Thought
Leaders
What Segway
Learned the Hard Way: Three Pitfalls of New-Category Product Strategy
Like
other new-to-the-world products, Segway was designed to take
the world by storm. When it was rolled out with great fanfare
in early 2002 by Dean Kamen, part genius inventor and part
PT Barnum, he projected they would be selling 40,000 units
per month by 2002. Total sales for the first 2 years were
actually about 5,000. What went wrong?
"New-category
products are highly risky but provide firms with opportunities
to earn above-average returns," said
Karl
Ulrich, who teaches new-product development in Wharton's
new Strategic
R&D Management executive education program.
In addition to his academic research on product design and
development, Ulrich brings hands-on experience as a member
of more than 30
development teams for products and processes, including medical
devices, tools, computer peripherals, food products, and sporting
goods. He founded a company that manufactures high-performance
scooters, bicycles, and other transportation equipment, and
he holds 18 patents.
Three
Common Pitfalls
From
his research and experience, Ulrich has identified three classic
mistakes in developing new-category
products that
have derailed innovations such as Segway:
- Overestimating
diffusion rates: Developers
of new products think that once they develop a better mousetrap,
the world
will immediately beat a path to their door. In fact,
it usually takes
quite a while for the world to get there. "Observe
an innovation like the cell phone," Ulrich
said. "It
is introduced in 1985, and if you look at when 10
percent of eventual adopters
have a cell phone, it is not until 1990, 5 years
later. Even these very fundamental innovative technologies
where
you can
articulate a compelling benefit proposition don't
diffuse in the third quarter after launch. Yet business
plans often forecast
rates that have no historical precedent."
The Mosaic
browser came out in 1991, but most people did not
go online until after the mid-1990s. Television
was
launched in 1945 but didn't "take off" (defined
as greater than 3 percent of the target market adopting
each year) until 5 years
later. For TiVo it was 5 years.

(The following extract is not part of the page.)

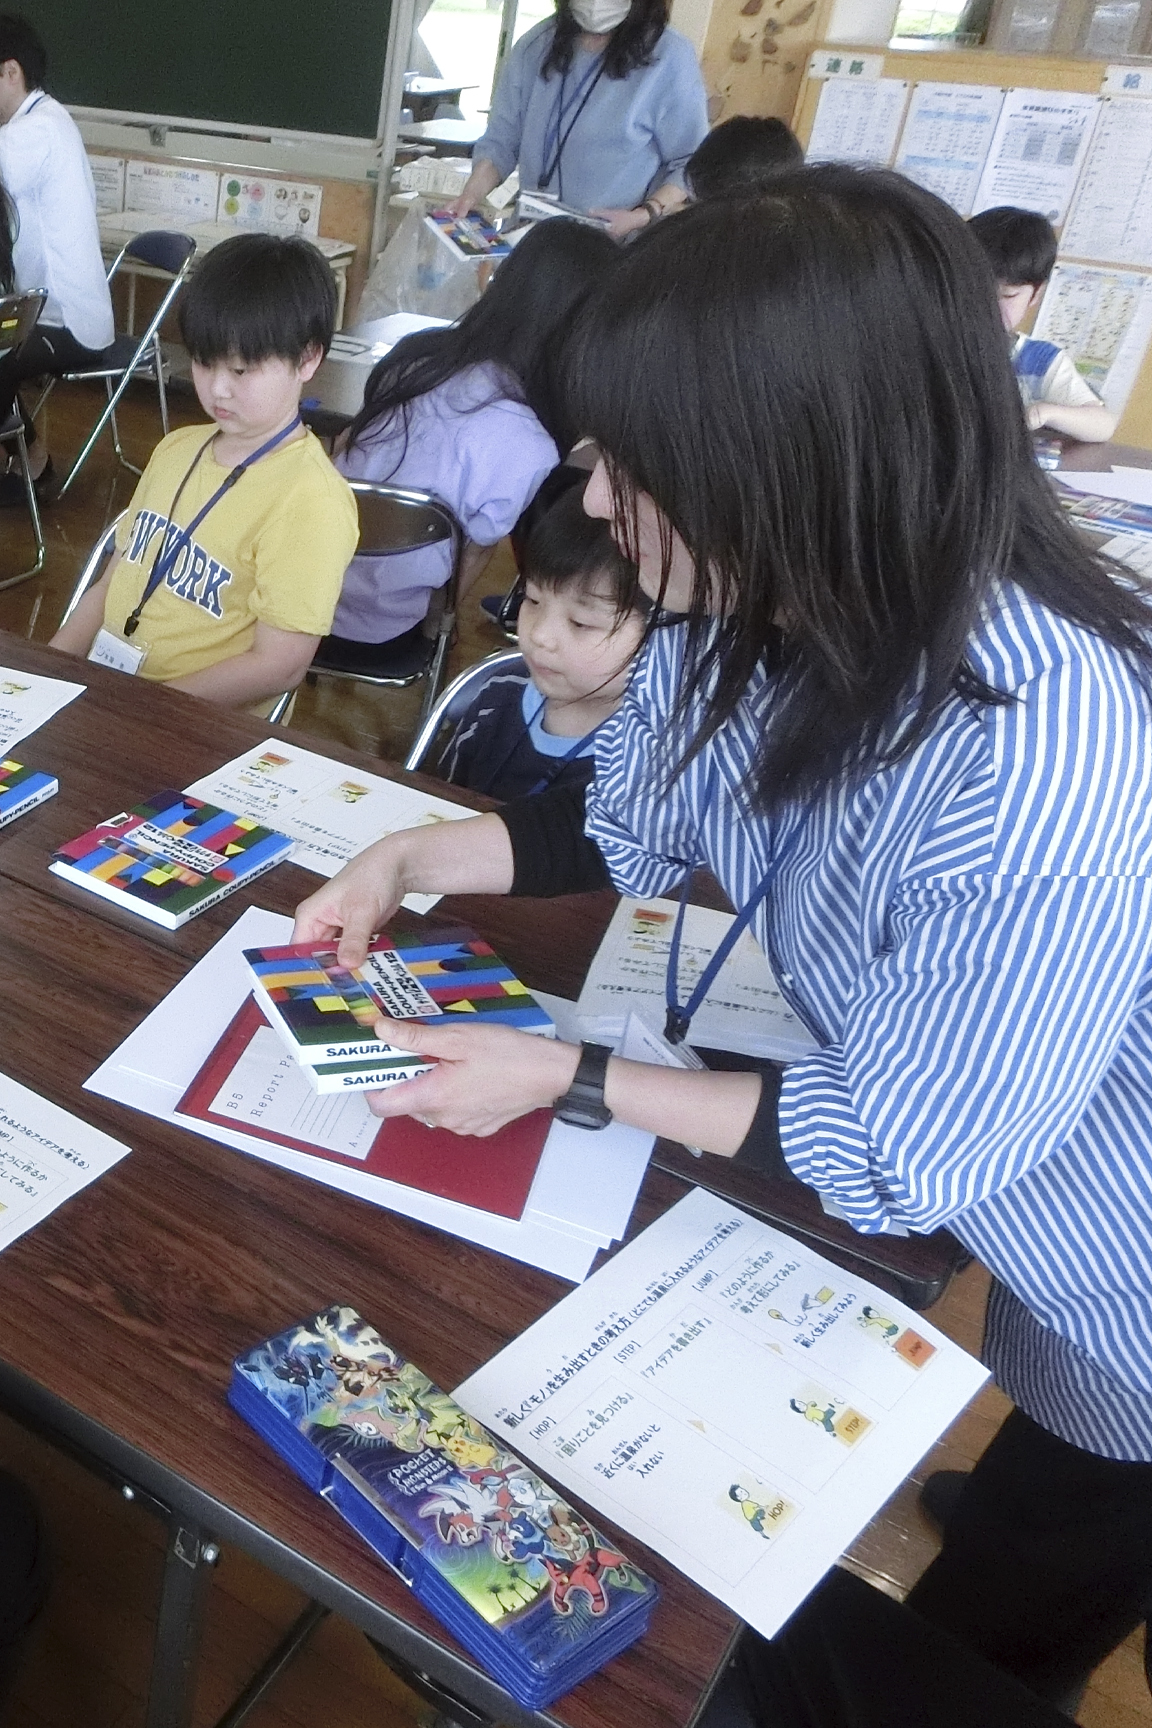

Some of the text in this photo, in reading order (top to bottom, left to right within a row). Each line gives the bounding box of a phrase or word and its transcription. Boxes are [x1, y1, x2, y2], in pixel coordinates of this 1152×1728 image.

And mutual funds
took an astounding 56 years to gain traction in the
market.
One exception: Viagra
took off in just 1 year.
There are factors, identified by Everett Rogers, that
affect the rate of adoption: its relative advantage,
compatibility,
complexity, trialability, and observability. For
example, Listerine breath strips are very easy to try and observe
and didn't
require a big change in routine. Viagra was simple,
trialable,
and compatible. These products also had clear advantages
over alternatives. Segway, in contrast, "would
be hard pressed to articulate its relative advantage
over other forms of transportation," Ulrich
said. It is not compatible with current systems,
it is complex, and the cost of trial — launched
with a $9,000 pricetag — was
a high hurdle. "If you look at that, you'd
say that if anything, it would diffuse less rapidly
than average," Ulrich
said. "You certainly don't forecast that
you'll
penetrate 20 percent of the market in a few years."
- Inappropriate "swinging
for the fence": While
sometimes you can't cross a chasm in small
steps, many new-category products offer opportunities
to put
together a series
of base hits that allow it to achieve gradual success.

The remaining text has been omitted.